Doug Ford on COVID-19 cases

Ontario records lowest daily number of new COVID-19 cases in months

Ontario is reporting the lowest number of new daily COVID-19 cases since March 25.  On Wednesday, health officials confirmed a total of 37,052 cases of the virus in the province as of July 14. Compared to the previous day, this represents an increase of 102 confirmed cases, an increase of nine deaths, and an increase of 135 resolved cases.

“Locally, 31 of Ontario’s 34 public health units are reporting five or fewer cases, with fully 19 of them reporting no new cases,” Health Minister Christine Elliott tweeted. “With 135 more resolved, there are 33 fewer active cases in Ontario as we continue to track a persistent decline in the number of active cases in the province.”



According to the province’s daily epidemiology report, 58 of the cases were male and 44 female. Forty-three of the cases were people between the ages of 20 and 39, while seven occurred in people aged 80 and over. Moreover, 49 of the new cases were in Toronto, 15 in Windsor-Essex, and 14 in Peel Region — these are three of the regions not as yet able to move on to Stage 3, as part of the province’s framework to restart the economy post-COVID-19.

On Monday, Ontario Premier Doug Ford announced that 24 of 34 public health units within Ontario will move forward to the next stage as of Friday, July 17 at 12:01 a.m.  This summer, Ford and his team will be meeting business leaders across Ontario to see first-hand how they’re recovering from the impacts of COVID-19.



The province is also focusing on homegrown manufacturing capacity. On Tuesday, the Ontario government announced it would provide Cambridge-based Eclipse Innovations Inc. with $1,408,475 from the Ontario Together Fund to increase its operations to manufacture made-in-Ontario N95 masks.

“As part of our government’s made-in-Ontario plan for renewal, growth, and recovery, we are actively working with local companies to manufacture the critical PPE we need to protect our frontline workers today and well into the future,” Ford said. “We have the most talented and innovative people anywhere to make the highest quality products in the world. Ontario is the manufacturing powerhouse of Canada and we encourage everyone to buy local to help our businesses and factories get back on their feet.”

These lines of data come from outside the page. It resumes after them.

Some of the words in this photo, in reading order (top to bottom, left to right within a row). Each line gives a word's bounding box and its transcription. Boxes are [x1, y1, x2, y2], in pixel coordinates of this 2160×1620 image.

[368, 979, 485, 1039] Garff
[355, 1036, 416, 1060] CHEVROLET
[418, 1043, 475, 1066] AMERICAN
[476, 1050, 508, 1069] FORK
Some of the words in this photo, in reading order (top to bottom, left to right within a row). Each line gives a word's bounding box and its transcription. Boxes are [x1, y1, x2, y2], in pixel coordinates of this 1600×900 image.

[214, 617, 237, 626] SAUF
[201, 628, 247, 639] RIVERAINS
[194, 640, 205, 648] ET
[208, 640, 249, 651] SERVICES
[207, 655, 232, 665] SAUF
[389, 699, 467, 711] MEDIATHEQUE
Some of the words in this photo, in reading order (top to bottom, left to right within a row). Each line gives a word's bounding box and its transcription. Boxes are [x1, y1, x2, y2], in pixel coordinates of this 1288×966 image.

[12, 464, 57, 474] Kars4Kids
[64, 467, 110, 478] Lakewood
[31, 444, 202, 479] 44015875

In April, Ford brought up the importance of Ontario factories producing ventilators, face shields, and gloves for use by healthcare workers, calling on Ontario companies to step up PPE production to ensure Canada’s frontline workers, and most vulnerable, are protected against COVID-19. This after the White House temporarily compelled 3M, North America’s largest producer of masks, to stop exporting U.S.-made N95 masks to Canada and Latin America.

Since the Ontario Together Fund launched in April, it has received more than 28,000 submissions on how to best address the COVID-19 outbreak, including offers from businesses to retool their operations to make critical supplies or to deliver needed goods or services. To date, more than 18,000 emergency supply leads have reportedly been converted into $662 million in purchases of critical equipment to support staff on the front lines, including 26 million gowns, 177 million gloves, 123 million masks, and more than four million face shields.